Não tenho nenhuma fantasia de ser Jesus, não é isso. Mas o problema é que a minha profissão era fazer milagres e as expectativas eram muito altas. Os êxitos eram considerados corriqueiros, os fracassos eram dolorosos. A tensão acumulava-se e, no meu caso, manifestava-se por problemas de pele. Noutros criativos era o alcoolismo ou as drogas; em mim era a pele. Além disso, estava a caminhar para o meu segundo divórcio.

Designer gráfico, designer de um processo industrial

Levei um ano a tentar ganhar a vida como pintor, mas não resultou. Então arranjei um emprego como designer gráfico.

A ideia era arranjar um emprego fácil. De facto era fácil, comparado com o que tinha andado a fazer. Mas o escorpião não pode deixar de picar, e em pouco tempo estava envolvido na transformação tecnológica da empresa. Penso que a minha contribuição foi decisiva para a sobrevivência da firma, num cenário de grave crise em que centenas de empresas gráficas de todos os tamanhos fecharam. Esta, pelo contrário, teve um crescimento espectacular.

A minha contribuição centrou-se na implementação de um sistema gráfico avançado através de soluções baratas, flexíveis e eficientes, e também no uso pioneiro da Internet para captura de trabalhos e para a sua produção. Hoje em dia isso é corriqueiro, mas no início parecia que estava a falar da quinta dimensão!

Para além de melhorar muito a produtividade da empresa, o uso da Internet para encomenda, recepção e aprovação dos trabalhos deve ter poupado algumas toneladas de CO2, em viagens que não foram feitas pelos carros da firma. Mas, pelo lado inverso, o ganho de produtividade levou à destruição de mais uns hectares valentes de floresta, convertidos em papel.

Em retrospectiva, chego à conclusão que fiz exactamente o mesmo que já tinha feito por duas vezes, tendo em conta a evolução tecnológica: ajudei a desenvolver uma solução mista de PCs e Macs, recebendo trabalho profissional de agências através dos Macs e trabalho caseiro e de escritório através dos PCs; uso de soluções muito baratas porque baseadas em know-how próprio da empresa e não nas soluções dos vendedores; uso de serviços de criatividade invulgares numa empresa gráfica para fidelizar os clientes; rentabilização desses serviços através da criação de vários canais de produção (impressão offset, impressão digital, grandes formatos, dados variáveis).

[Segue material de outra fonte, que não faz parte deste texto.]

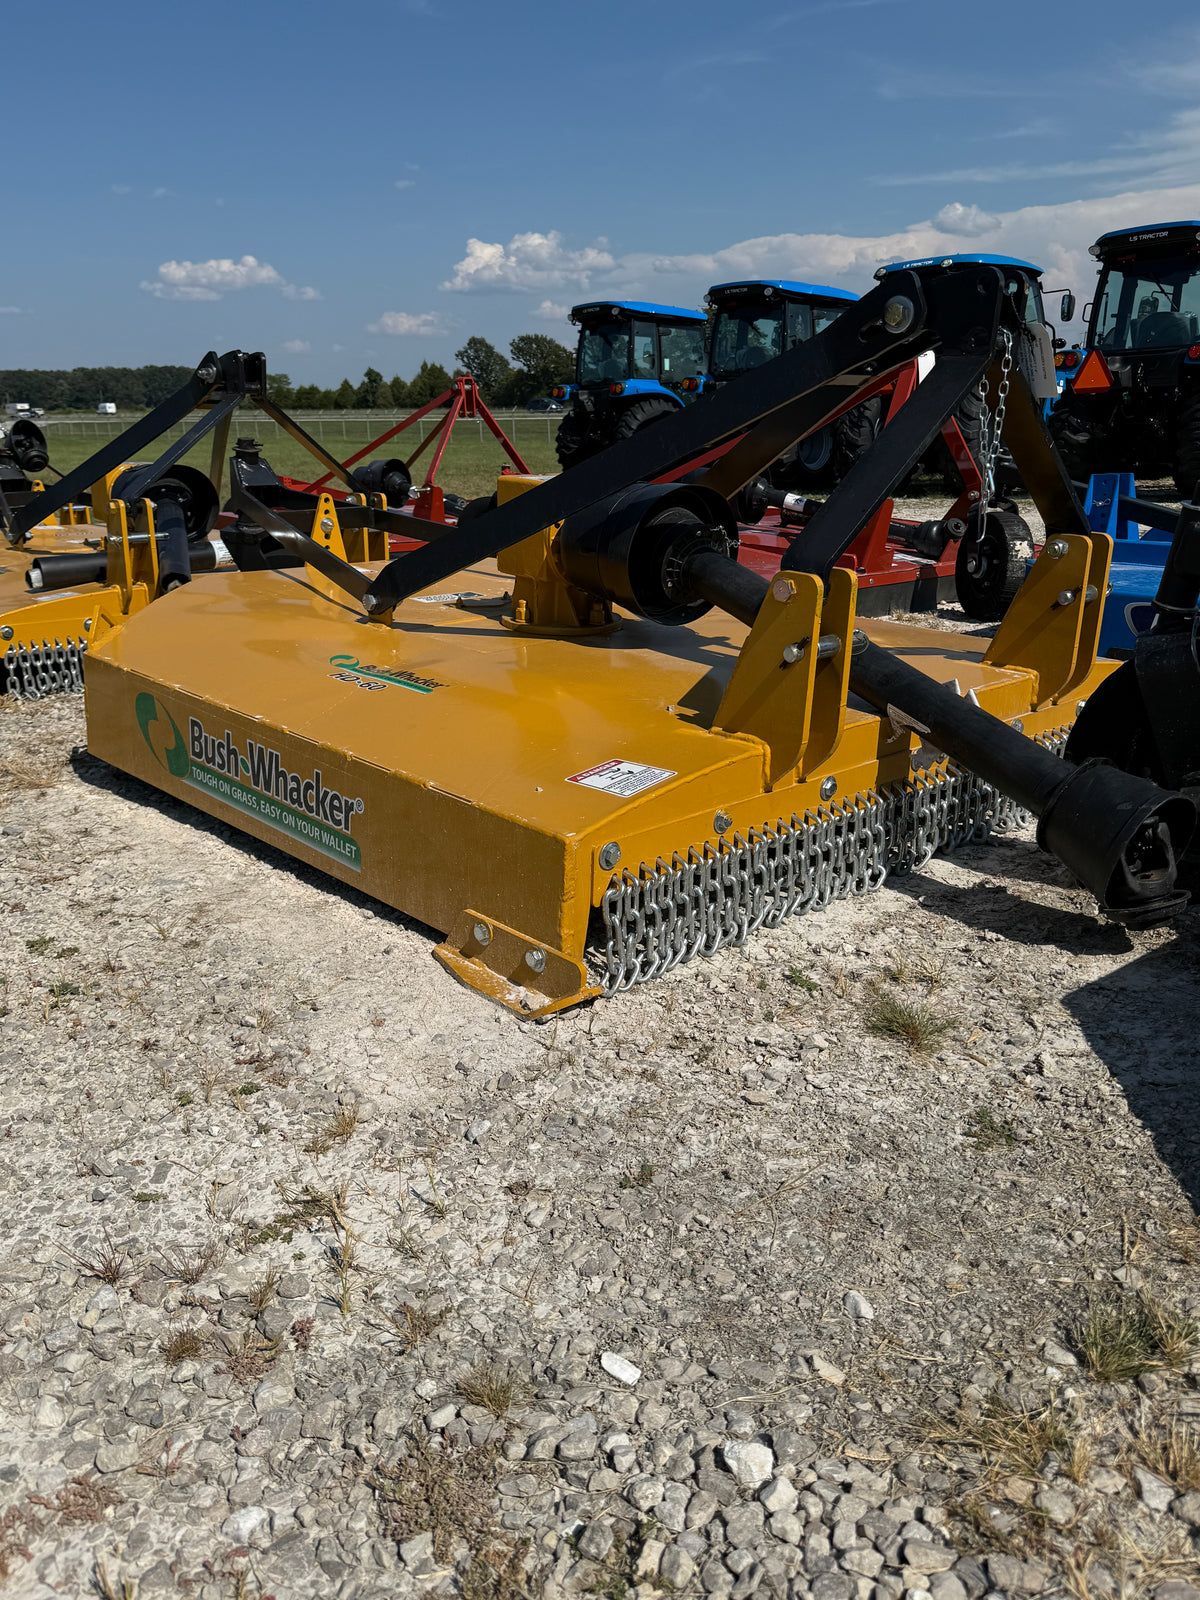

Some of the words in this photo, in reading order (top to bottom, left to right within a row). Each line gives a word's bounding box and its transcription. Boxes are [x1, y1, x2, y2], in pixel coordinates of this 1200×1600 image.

[1139, 231, 1169, 240] TRACTOR
[192, 766, 218, 789] TOUGH
[218, 780, 231, 796] ON
[231, 787, 260, 811] GRASS,
[260, 800, 281, 820] EASY
[282, 812, 295, 828] ON
[296, 819, 320, 841] YOUR
[321, 830, 357, 859] WALLET

Porém, fiz tudo isso num meio em que não há qualquer prémio para o know how e desta vez não tive o benefício de ser sócio da empresa, portanto não ganhei praticamente nada com isso.

Das artes gráficas à Web

Presentemente, estou cada vez menos interessado no mundo das artes gráficas e cada vez mais interessado na Web. A minha autoformação centra-se numa linha independente do emprego. Desde há anos que desenvolvo como hobby todas as tecnologias da Web: HTML, CSS, Flash, mais as novas promessas da Web 2.0, Ajax e XML. Não sei se isto levará a algum proveito financeiro. Tudo o que fiz na Web, com excepção de uma loja online há uns anos, foi gratuito. Mas tudo pode mudar e estou aberto a novas possibilidades.

Depois de tantos anos a propor o uso dos PCs nas artes gráficas, estou agora numa via de transição, cada vez mais interessado no mundo Unix e nas soluções de Open Source.